All pictures must be dropped, while the entries are given again word for word.
***** THE DATA
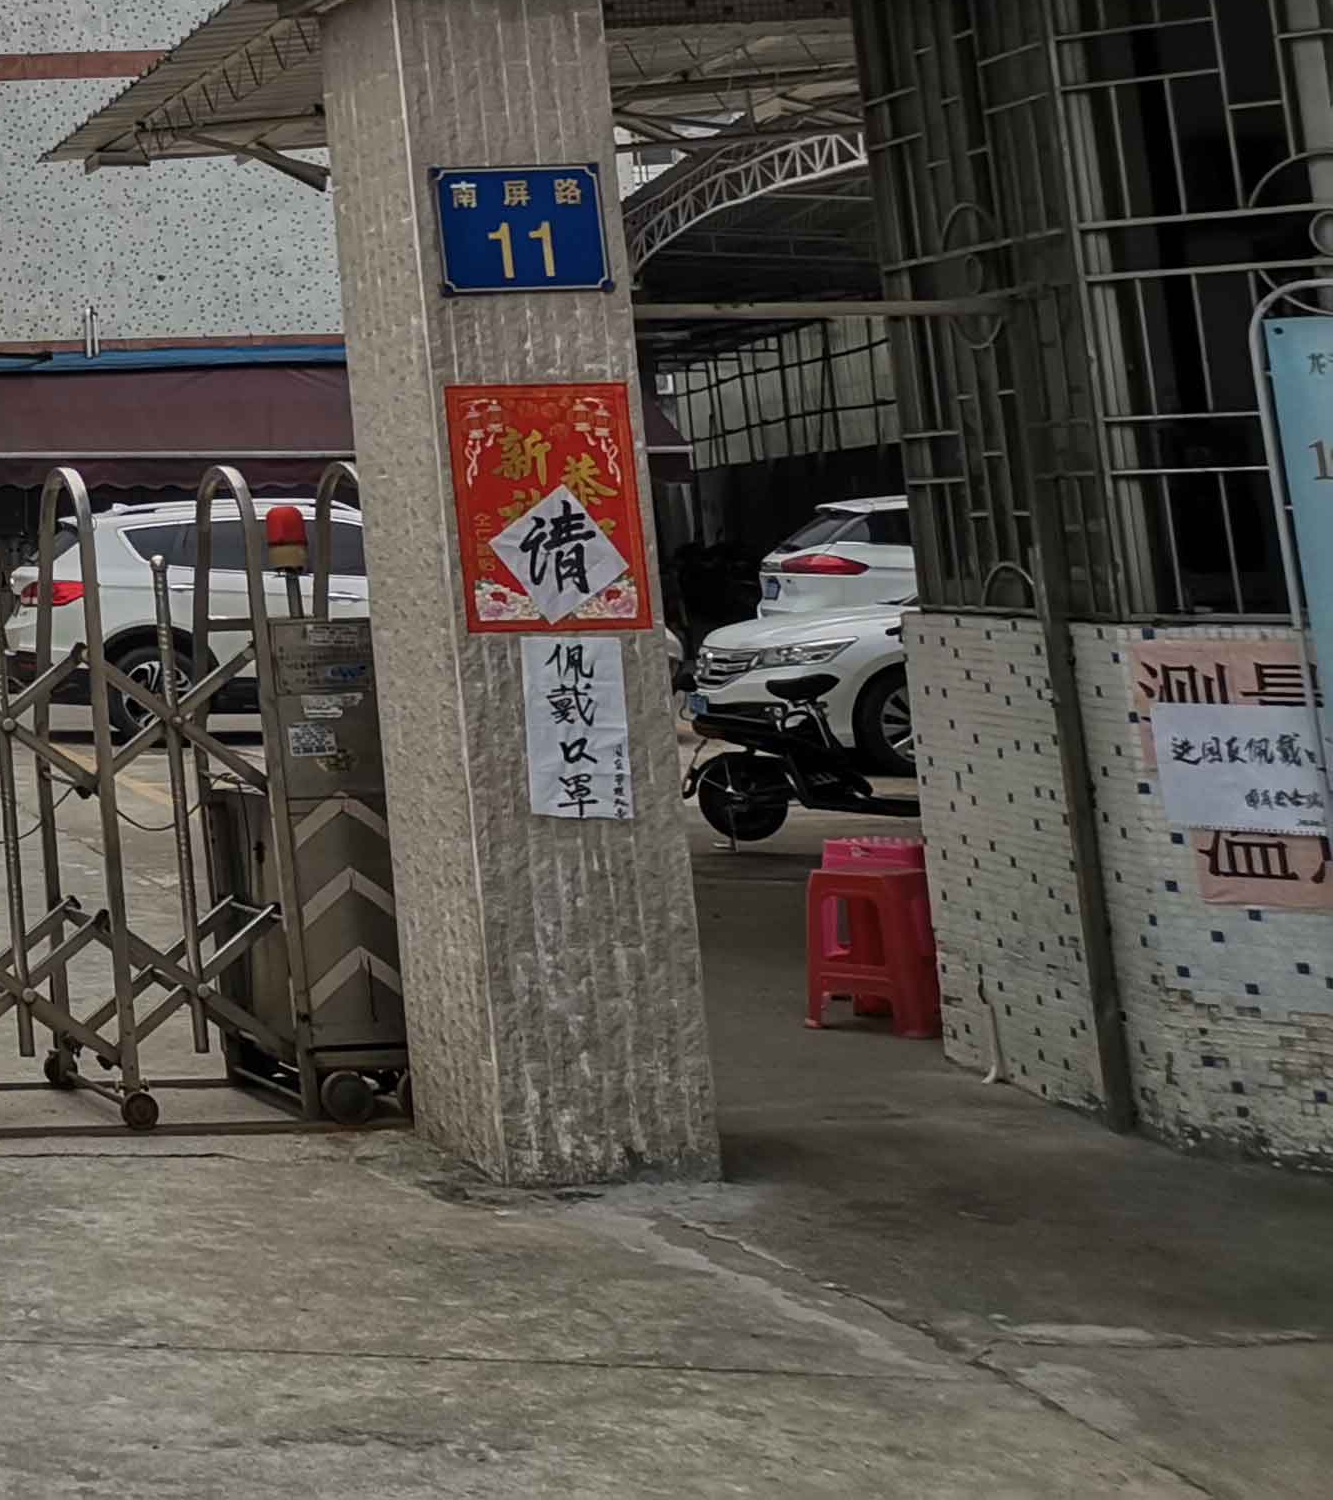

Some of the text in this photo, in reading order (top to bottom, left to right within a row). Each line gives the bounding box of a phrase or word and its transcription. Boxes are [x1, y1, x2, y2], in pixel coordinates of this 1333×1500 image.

[450, 178, 581, 208] 南屏路
[488, 221, 555, 279] 11
[519, 499, 596, 594] 请
[545, 643, 599, 819] 佩戴口罩
**********
● **TASK ANSWER**
Some of the text in this photo, in reading order (top to bottom, left to right within a row). Each line gives the bounding box of a phrase or word and its transcription. Boxes are [x1, y1, x2, y2], in pixel coordinates of this 1333×1500 image.

[450, 178, 581, 208] 南屏路
[488, 221, 555, 279] 11
[519, 499, 596, 594] 请
[545, 643, 599, 819] 佩戴口罩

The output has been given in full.